Since hip joint pathology commonly results in referred pain to the knee, a quick check of the hip joint is important. With the knee bent to 90°, place the left hand over the knee and press down lightly to stabilize the knee joint. Grasp the ankle with your right hand, and rock the tibia from side to side. This pendulum motion, which may cause some pain in the knee, is actually a test of the hip joint as it rocks the head of the femur in the hip socket. A normal hip will allow the tibia to swing at least 30° in each direction.3 If the leg will not rock more than about 20° in either direction or the rocking causes visible wincing, consider hip pathology in addition to any suspected knee problems.
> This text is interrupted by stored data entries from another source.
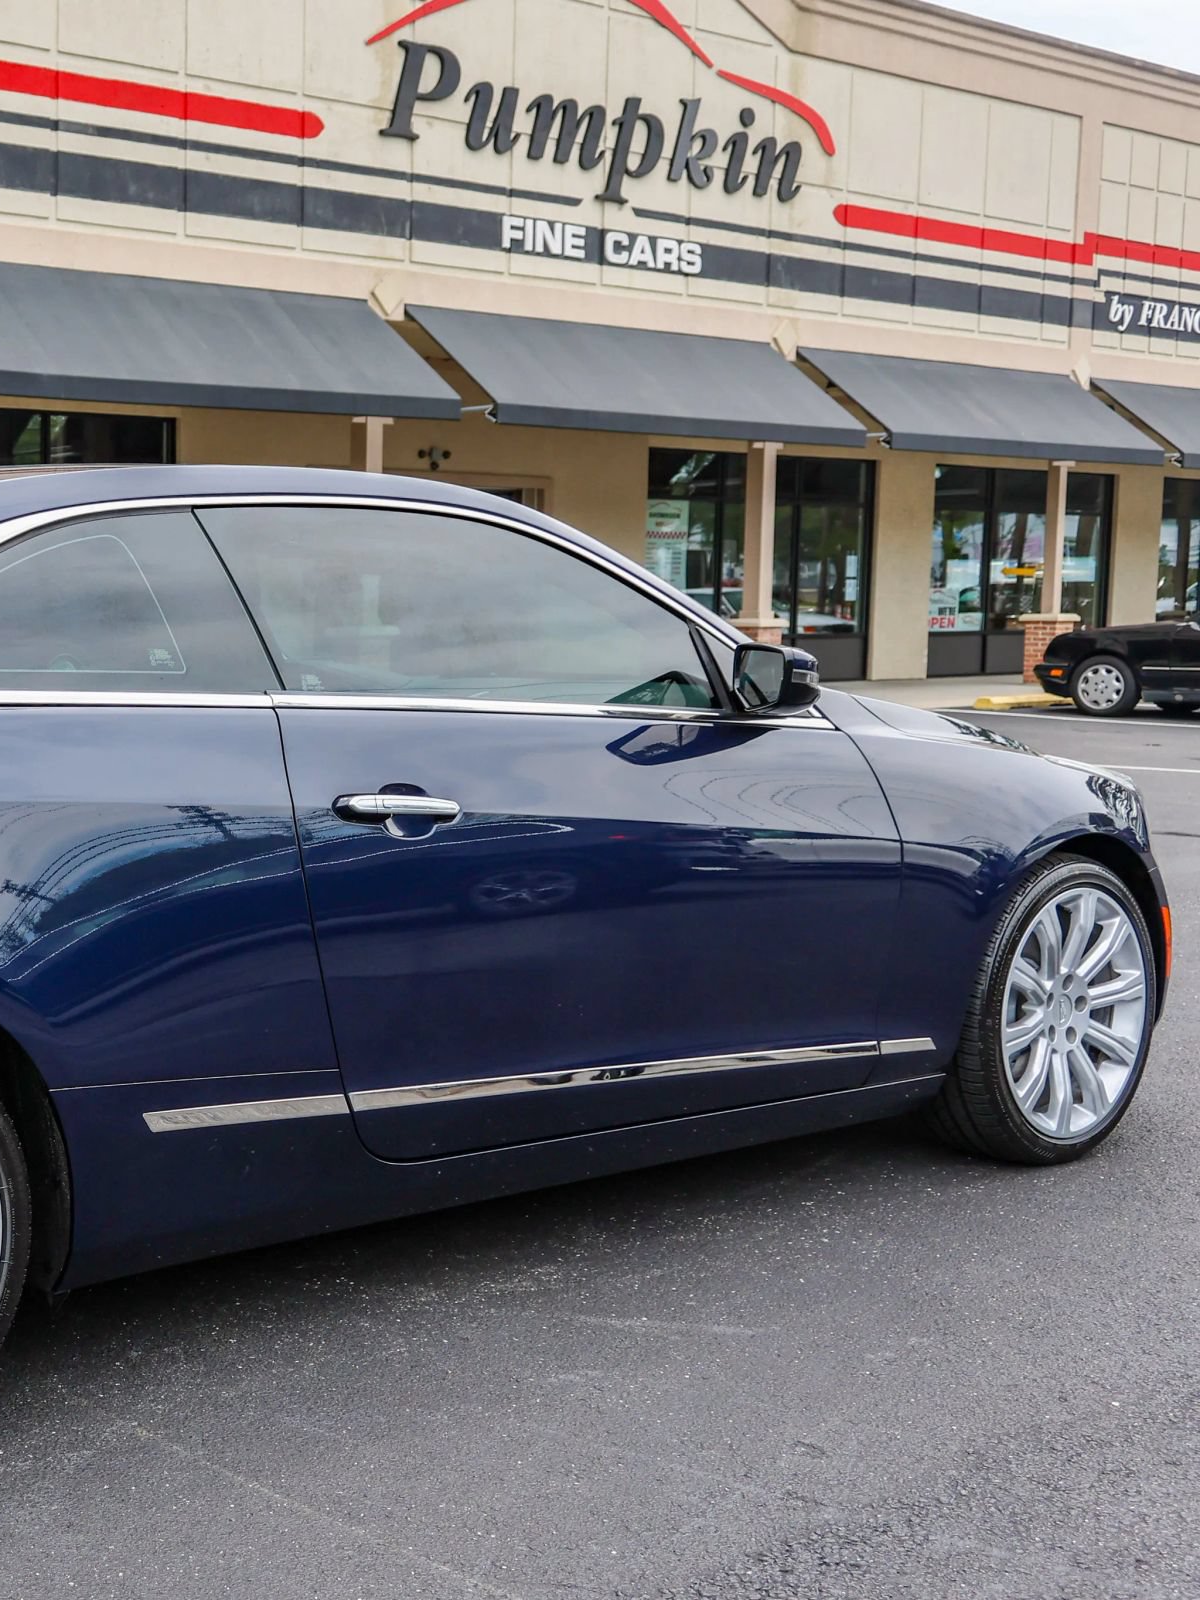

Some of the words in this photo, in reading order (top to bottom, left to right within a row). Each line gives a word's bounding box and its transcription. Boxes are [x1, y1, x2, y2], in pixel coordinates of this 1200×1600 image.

[379, 39, 802, 204] Pumpkin
[501, 215, 586, 259] FINE
[603, 231, 702, 275] CARS
[1108, 294, 1134, 332] by
[928, 617, 956, 629] PEN
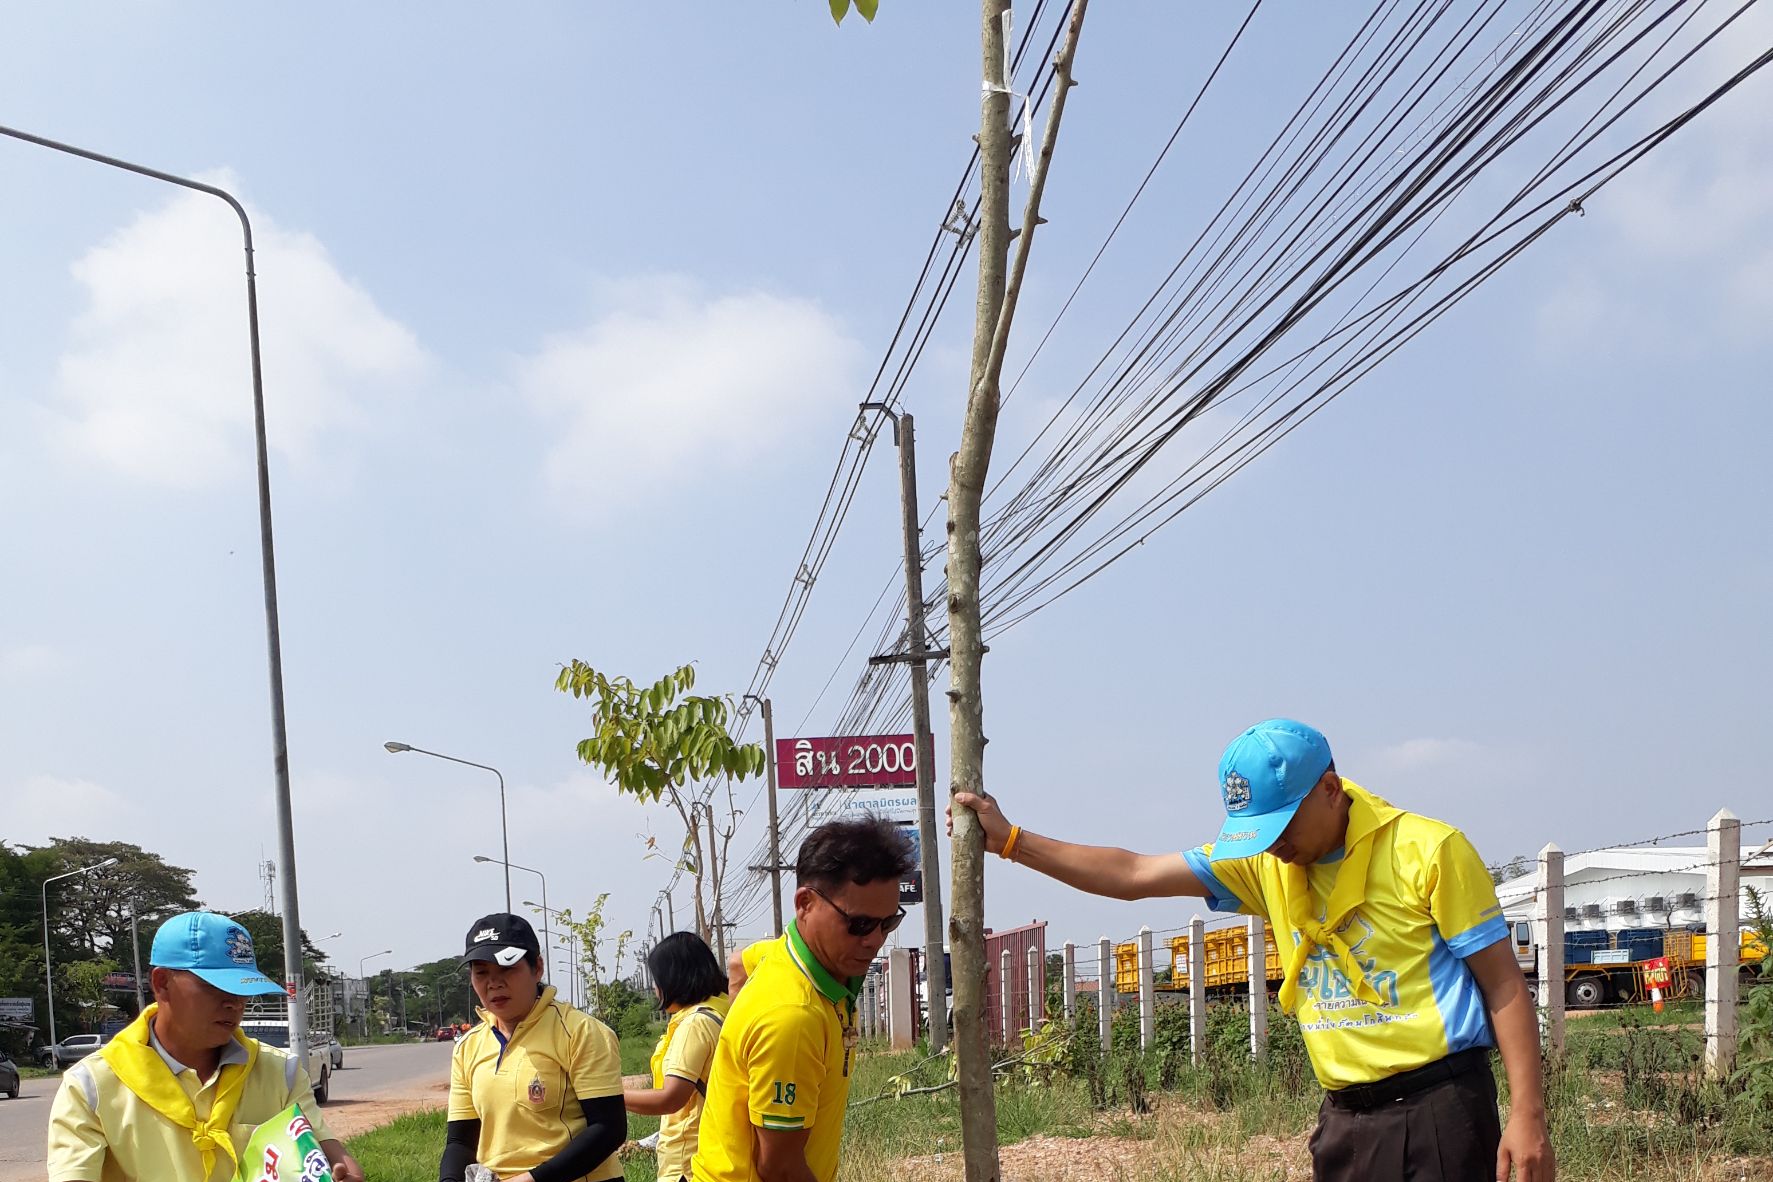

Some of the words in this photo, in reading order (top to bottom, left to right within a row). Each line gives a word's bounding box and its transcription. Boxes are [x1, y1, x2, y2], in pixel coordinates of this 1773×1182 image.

[848, 742, 917, 775] 2000
[899, 880, 917, 893] AFÉ
[771, 1080, 797, 1106] 18
A complete knee exam includes a test of the patellar reflex to look for any pathology of spinal nerves L2, L3, and L4. This is especially important if the patient has an altered gait. The patellar reflex is one of the deep-tendon reflexes and will help differentiate an upper motor neuron lesion from a lower motor neuron lesion.1 Strike the patellar tendon sharply with a reflex hammer just below and slightly lateral to the bottom of the patella. The knee should be hanging free or crossed over the opposite knee and relaxed. Note whether the reflex is brisk, mild, or absent. While no solid conclusion can be reached from this single neurologic test, it provides an important contribution to the full picture.
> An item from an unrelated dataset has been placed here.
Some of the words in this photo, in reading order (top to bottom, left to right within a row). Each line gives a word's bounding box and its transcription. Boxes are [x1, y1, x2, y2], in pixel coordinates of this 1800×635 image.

Palpation is a key component of every knee exam. If possible, sit on a stool facing the patient. With the knee flexed 90°, move your thumb across the joint line, feeling for the tibial plateau (a hard transverse ridge just below the patella) and the softer indentation just above it (where the meniscus lies). Note any painful areas. Next, palpate in a circular motion with two fingers over the MCL and LCL, which extend more than an inch above and below the joint line. Note any areas of point tenderness or diffuse tenderness. If the patient is complaining of anterior or posterior knee pain, palpate there as well, identifying the precise area of maximal pain. Then, with the leg flat on the exam table, palpate around the edges of the patella, looking for any signs of discomfort or apprehension. Also place one hand on either side of the patella and press down with the fingers of one hand followed by the other. If you feel a fluid shift, the test is positive for an effusion. An effusion occurs with inflammation and usually points to underlying injury inside the joint capsule.
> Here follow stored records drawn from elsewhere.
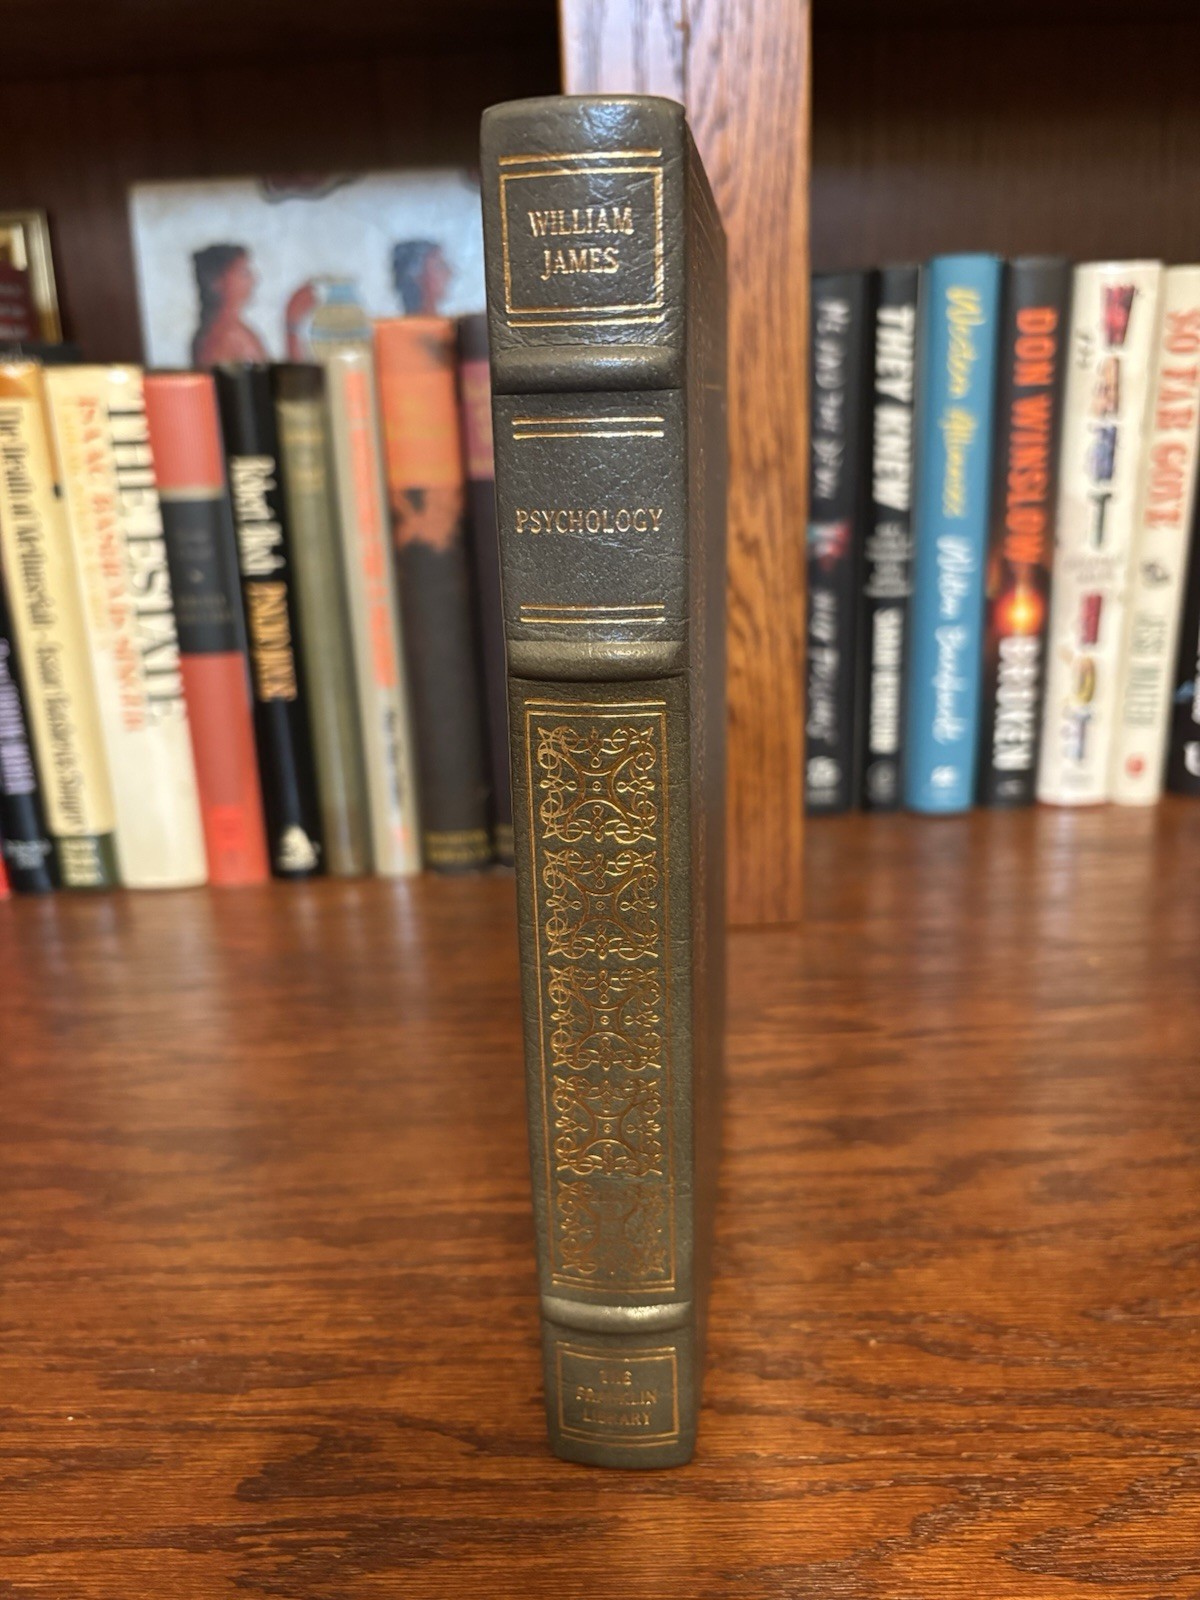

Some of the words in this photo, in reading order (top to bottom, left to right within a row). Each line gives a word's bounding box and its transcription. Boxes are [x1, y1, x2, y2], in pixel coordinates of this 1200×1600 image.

[527, 206, 635, 238] WILLIAM
[540, 246, 620, 281] JAMES
[874, 304, 916, 404] THEY
[1013, 307, 1058, 387] DON
[106, 398, 160, 516] THE
[872, 403, 913, 512] KNEW
[1004, 391, 1053, 565] WINSLOW
[515, 508, 664, 535] PSYCHOLOGY
[123, 531, 185, 727] ESTATE
[992, 636, 1041, 770] BROKEN
If the patient has described an acute injury accompanied by a popping noise, perform the following two tests to look for an ACL tear or a meniscal tear.
The anterior/posterior drawer test detects injury to the ACL or PCL. Have the patient recline on the table with the injured leg bent to 90°. Rest your body against the patient’s foot to anchor it to the table, and grasp the injured leg with both hands just below the joint line. Firmly pull the tibia forward (toward yourself) in relation to the femur. Normal motion is <5 mm. Test for posterior motion by pushing the tibia backward (toward the patient) in relation to the femur. Any movement >5 mm usually indicates a tear of the ACL or PCL.
The Apley compression test (Figure 1) helps detect a meniscal tear. Have the patient lie face down on the exam table. Gently grasp the injured leg and bend it to 90°. While maintaining downward pressure on the heel (pressing the patient’s knee against the table), slowly rotate the foot (hence the tibia) first internally then externally on the femur. Pain felt medially suggests a medial meniscus tear. Pain felt laterally suggests a lateral meniscus tear.